— То, что нацисты причинили немецкому народу, — ужасно, — выразил он свое сочувствие.
— Мне лично нацисты ничего не сделали, — сказала Анна сурово, — а вот американская артиллерия убила моего мужа, американские бомбы разрушили мой дом, американские солдаты захватили меня в плен.
Но тот не смутился, а терпеливо подыскивал аргументы, чтобы убедить ее в своем мнении. В то же самое время его уроки политики и полемологии [100] Полемология — наука о войне как социальном явлении.
были скрытой формой утонченного обольщения — Анне, не глухой к эротическим ноткам, удавалось держать его на расстоянии вежливыми возражениями. Бад-Нойхайм кишел немецкими солдатами, потерявшими руку или ногу; опустошенные, они сидели на лавочках и молча смотрели на проходящих мимо американцев, покоривших не только их родину, но и их женщин. Анна представила среди них Мартина — от подобной картины защемило сердце.
Как-то вечером американец пригласил ее на «party».
— А что это? — спросила она.
— Ну… — он погладил свой гладковыбритый подбородок, — мы немножко поедим, немножко выпьем, немножко повеселимся…
— А потом? — спросила она подозрительно.
— М-да, а что потом… Это пойдет вам на пользу, вы молоды, вы не можете вечно грустить.
— Спасибо, не надо, — покачала она головой, — конец вечеринки для меня очевиден.
— Но я ведь, в конце концов, мужчина, — оправдывался он.
— А я — женщина, — добавила она, — и мой муж погиб год назад. Простите меня, но вы же не думаете всерьез, что я пойду с вами на «party»?
Она произнесла это слово так, будто надкусила горький миндаль. Он смиренно склонил голову. Как солдат, как мужчина и как мастер слова он не мог одолеть ее сопротивления. На следующий день его перевели на другое место службы. Анне доставили огромный букет красных роз, доказательство фривольной расточительности во времена дефицита. В цветы была вложена открытка: «Первой немецкой женщине, сказавшей "нет"».
Тем временем для нее организовали переезд. Перевозчик из Бад-Нойхайма, имевший разрешение пересекать границу зоны, проявил готовность переправить ее в Кобленц. Он ехал на запряженной лошадью телеге; Анне надлежало улечься со своим чемоданом на дно, покрытое брезентом, после чего в телегу загрузили мешки с неизвестным содержимым, оставив лишь небольшое отверстие для воздуха. Легкомысленные американцы пропустили телегу без проверки, французы же наугад потыкали мешки штыками, едва не задевая Анну, которая бесстрашно вдыхала запах брезента и ждала.
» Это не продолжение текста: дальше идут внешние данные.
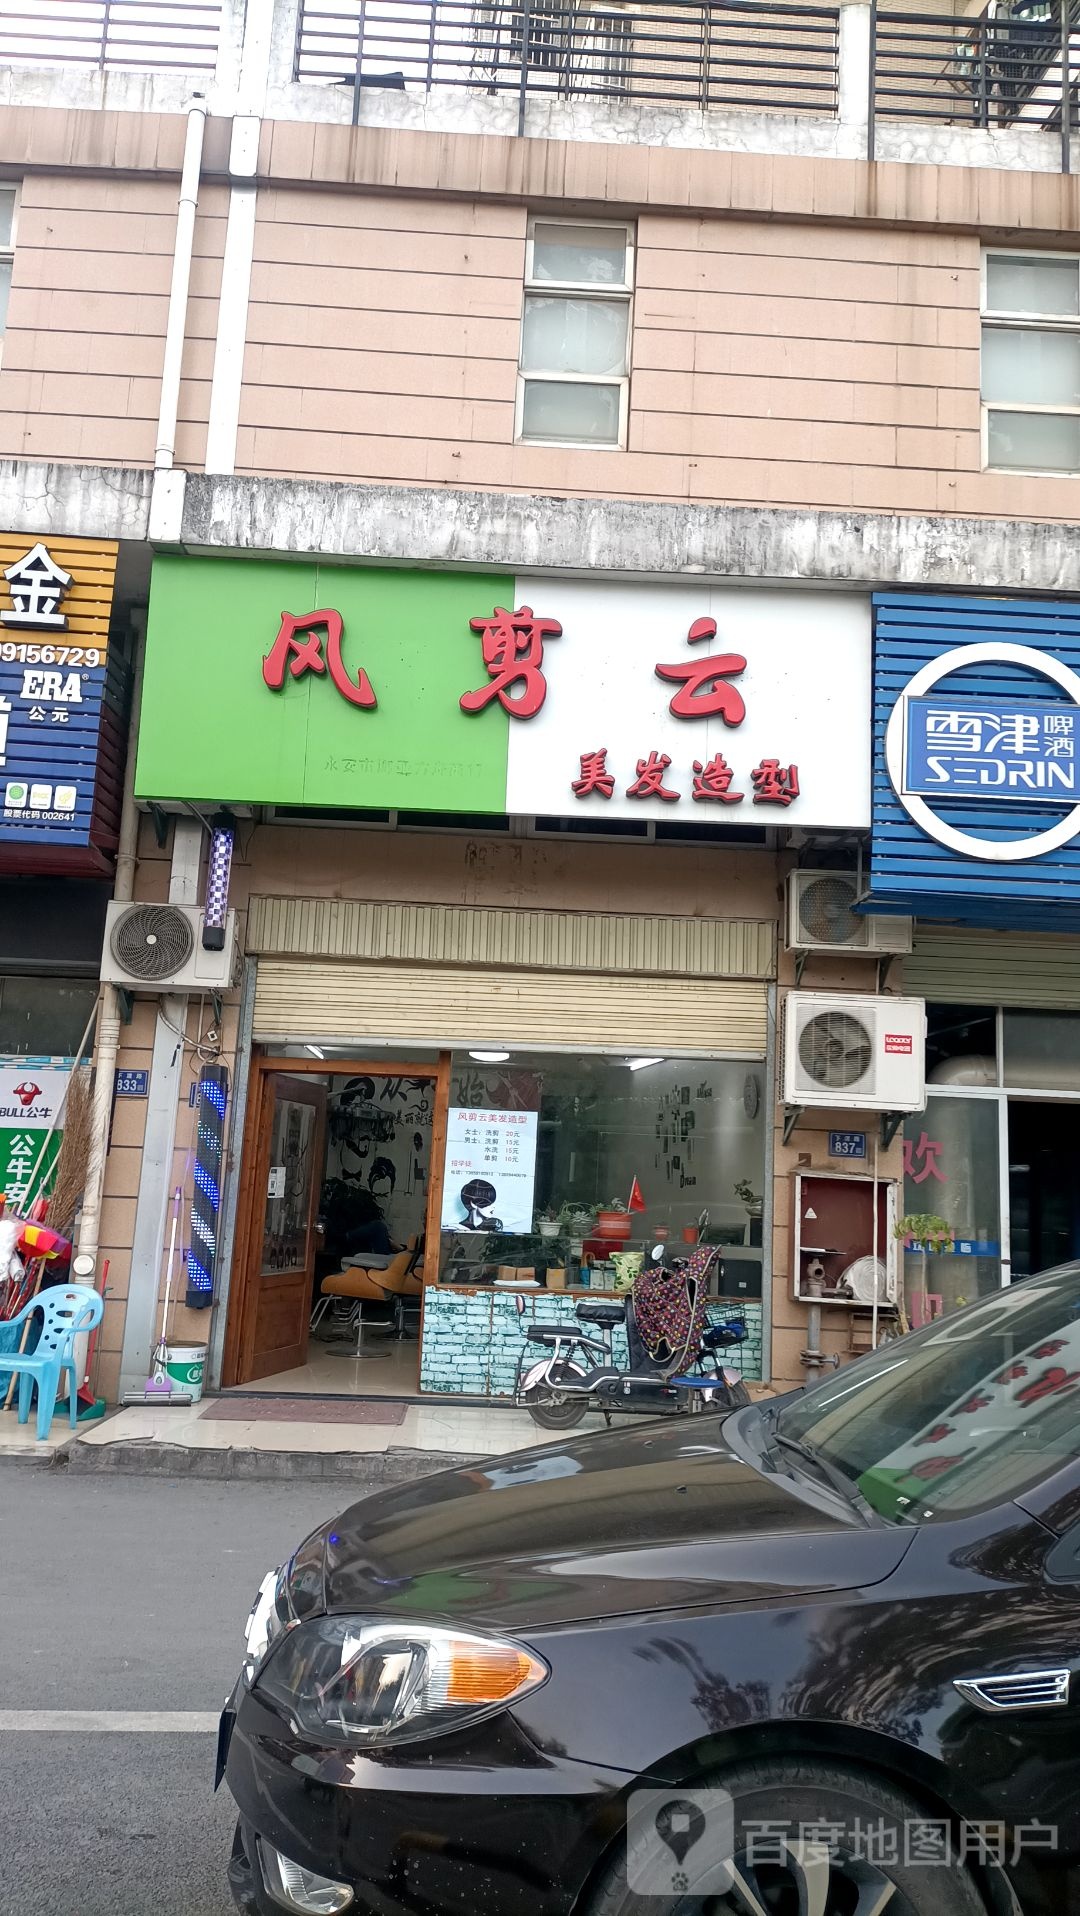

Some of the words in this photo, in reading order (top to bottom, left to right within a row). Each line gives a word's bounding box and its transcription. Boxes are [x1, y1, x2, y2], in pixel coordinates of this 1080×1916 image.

На вокзале в Кобленце возница помог ей вылезти и признался, что молился за нее, обливаясь холодным потом.
В тот вечер поезда уже не ходили. Толпа застрявших путешественников спала в здании вокзала. Анна обосновалась на полу рядом с пожилым мужчиной, который, накинув на сутулые плечи залатанную шинель, со смаком тянул вино прямо из бутылки; затем, щедрым жестом пуская ее по кругу, намазывал маслом ломти белого хлеба и раздавал их ближайшим соседям. Анна отмахнулась от угощения, но он, всовывая ей в руку бутылку, настаивал на своем с видом, не терпящим возражений.
— У меня еще полно, — беспечно усмехнулся он, дрожащим пальцем указывая на сумку.
Анна больше не колебалась, восторженная атмосфера вокруг щедрого старца заражала весельем. Все нахваливали виноградники в долине Мозеля, бутылки переходили от одного дегустатора к другому. Анна растянулась на полу, положив чемодан под голову, и задремала. Утром ее разбудили — завтрак состоял из того же, что и вчерашний ужин. Забыв о своих заботах, они запели; светило осеннее солнце, трирский поезд, пыхтя, подошел к перрону. В купе они продолжили гулянье.
На полпути поезд остановился — на отрезке в несколько километров отсутствовали рельсы. Они пошли пешком, распевая походные песни и прикладываясь к бутылке; солнце блестело в елочном дожде дикого хмеля, разросшегося вдоль железной дороги. Чуть дальше ждал другой состав. Ничто не могло испортить праздничного настроения.
— А это что еще за сборище, — проворчал священник, сидевший у окна. — Это вино, эти пьяные речи.
Он с раздражением схватил свой часослов и принялся молиться, дабы оградить себя от творящегося рядом безобразия.
— Хотите глоточек? — Анна, смеясь, протянула ему бутылку.
Плотно сжав губы, он покачал головой. В Бернкастеле все сошли, оставив ее одну в компании со священником. Она свесилась из окна, чтобы помахать помятому филантропу, излучающему столь бурное веселье. Тот, пошатываясь, ковылял по перрону навстречу своей жене, которая ястребиным взглядом уже завидела пустую сумку.